El fútbol sin hinchada visitante: una solución cómoda para una incompetencia disfrazada

Juan David Rincón Galindo

Juan David Rincón Galindo

Comunicador Social y Periodista
Especialista en Periodismo Deportivo
Socio ACORD – Tolima
Director Tolima Online

El cierre de fronteras en los estadios de Colombia, y en especial en Ibagué, se ha convertido en una medida tan recurrente como ineficaz. Se nos dice que es por seguridad, por prevención, por evitar enfrentamientos entre hinchadas. Pero la verdad es que esta decisión —cómoda para las autoridades— no hace más que disimular una gestión deficiente y una falta de compromiso real con la organización de eventos deportivos.

Lo paradójico es que hace 15 años, recuerdo claramente cómo los operativos de seguridad para recibir hinchadas visitantes eran estructurados, coordinados y, lo más importante, funcionales.

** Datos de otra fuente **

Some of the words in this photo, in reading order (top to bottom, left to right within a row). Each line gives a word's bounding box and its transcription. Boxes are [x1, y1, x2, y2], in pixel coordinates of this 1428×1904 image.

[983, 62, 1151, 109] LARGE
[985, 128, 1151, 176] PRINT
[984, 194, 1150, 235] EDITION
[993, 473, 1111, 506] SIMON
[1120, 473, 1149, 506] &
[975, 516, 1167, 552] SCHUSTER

Desde los puntos de ingreso a la ciudad, como el Alto de La Línea o la Variante, las caravanas eran escoltadas por la Policía hasta el estadio Manuel Murillo Toro. Una vez finalizado el encuentro, los mismos operativos garantizaban su salida segura. ¿Era complicado? Seguramente. ¿Se requería más personal, más logística? Por supuesto. Pero se podía hacer. Y se hacía.

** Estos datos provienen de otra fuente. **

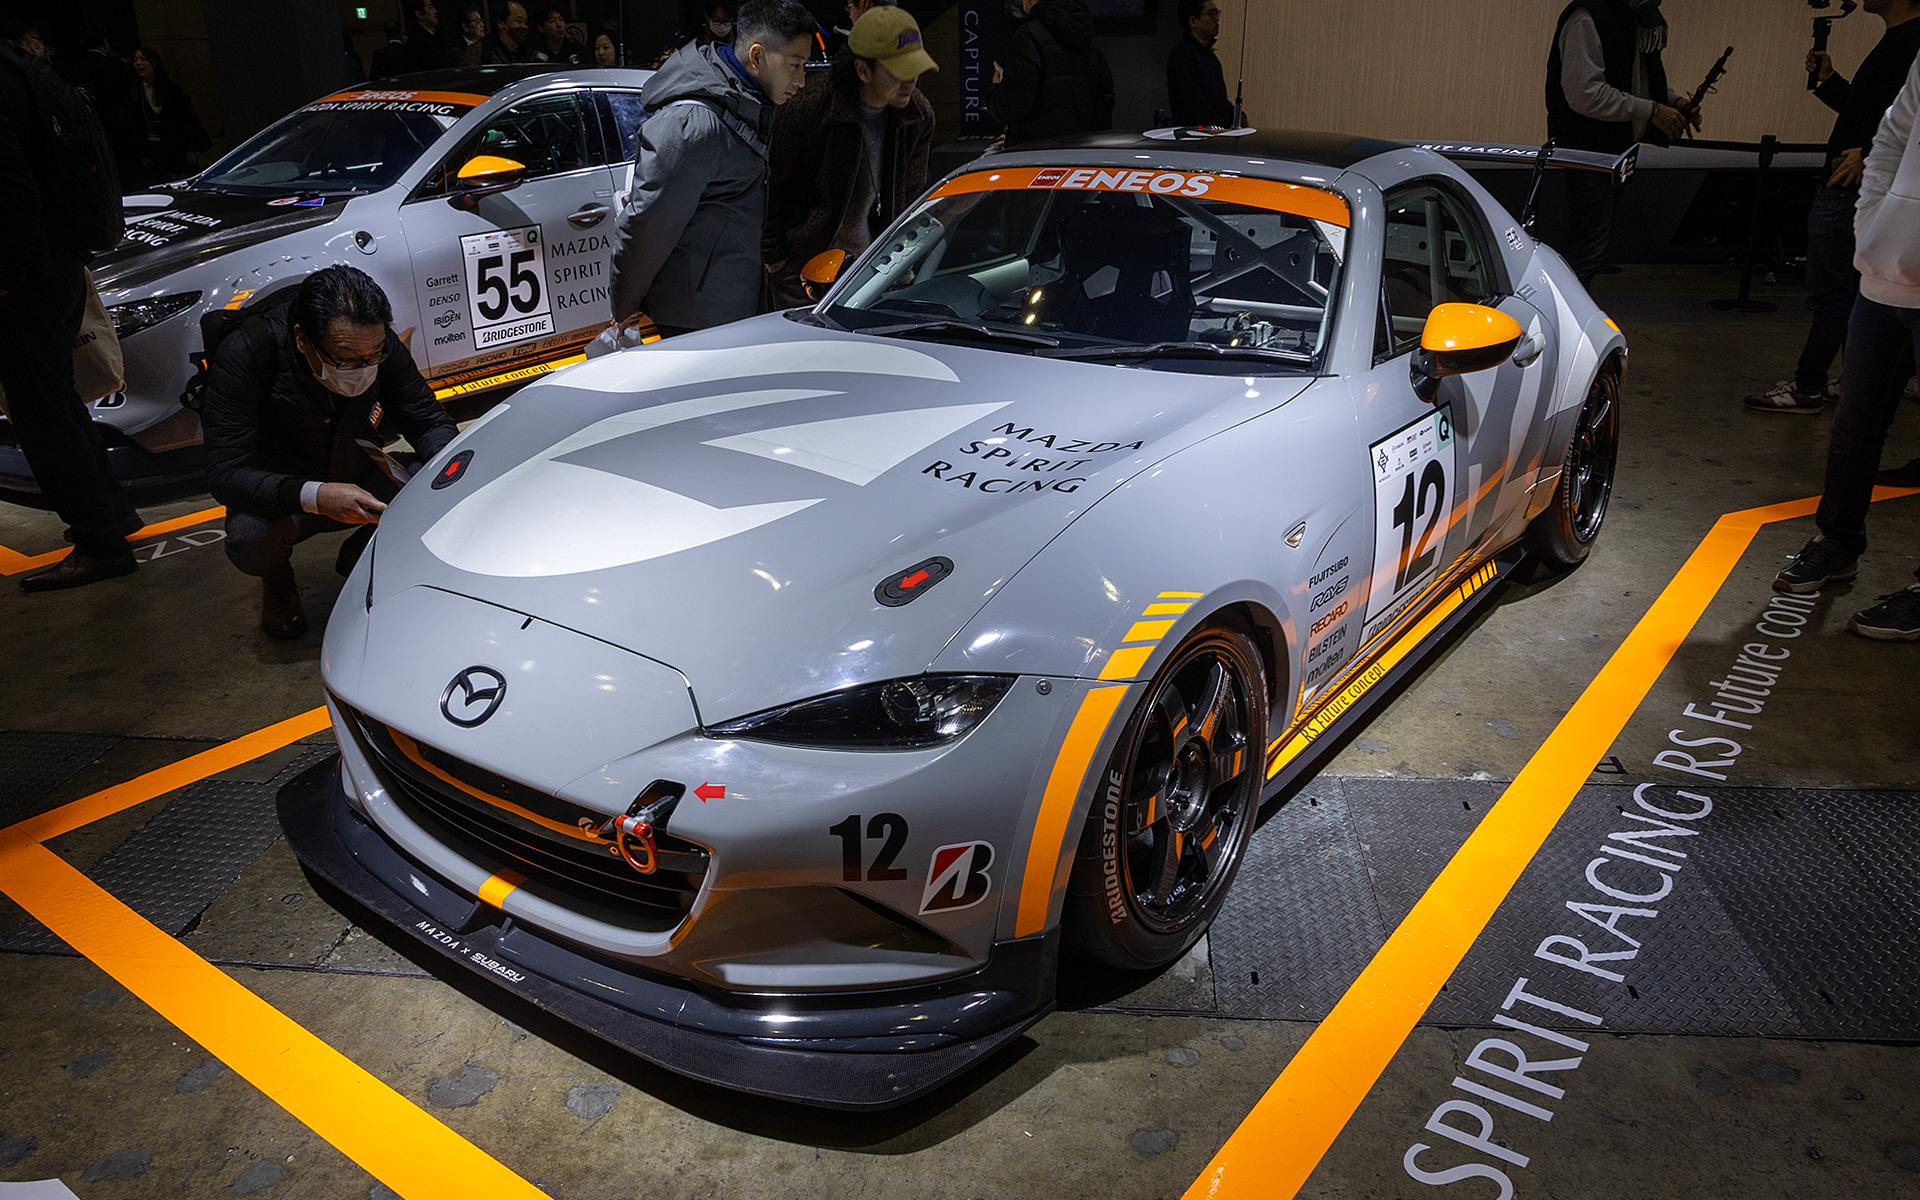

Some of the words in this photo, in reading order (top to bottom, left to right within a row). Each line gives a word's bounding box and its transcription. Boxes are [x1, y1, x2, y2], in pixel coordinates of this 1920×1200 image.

Hoy, en cambio, se opta por la “solución fácil”: prohibir la entrada a los hinchas del equipo rival. Lo que no dicen es que esta medida, lejos de mitigar los riesgos, los dispersa. Al no contar con una tribuna asignada, los hinchas visitantes se camuflan entre la afición local. ¿El resultado? Enfrentamientos aislados, imposibles de contener porque la distribución en el estadio impide identificar y controlar los focos de conflicto. ¿No sería más sensato y seguro ubicarlos en un solo espacio, con control policial, filtros de ingreso y registro previo?

Además del problema de seguridad, está el impacto económico. Equipos como el Deportes Tolima aprovechan estos partidos de alto perfil contra Nacional, América o Millonarios para equilibrar sus finanzas. La hinchada visitante consume, compra boletas, genera ambiente y dinamiza la economía local. Negarle el ingreso es, en cierta forma, renunciar a una fuente legítima de ingresos en un fútbol que vive contando cada peso.

Y hay algo más. La emoción del fútbol no es completa sin la hinchada rival. Un partido sin visitantes es como un baile sin pareja, como un canto a una sola voz. ¿Dónde queda la pasión, el color, la competencia en las tribunas? Negar ese componente esencial es empobrecer la experiencia.

No se trata de justificar la violencia, ni de romantizar las barras bravas. Se trata de aceptar que el problema no es la hinchada visitante, sino la falta de voluntad y capacidad de las autoridades para gestionar adecuadamente su presencia. Decirle no a la visita rival es, en el fondo, decirle sí a la mediocridad operativa.

Por eso, digo con convicción: sí a la hinchada visitante en el Manuel Murillo Toro. Me niego a creer que no seamos capaces de compartir un partido de fútbol sin caer en el caos. Si no lo logramos, es porque no queremos hacerlo bien.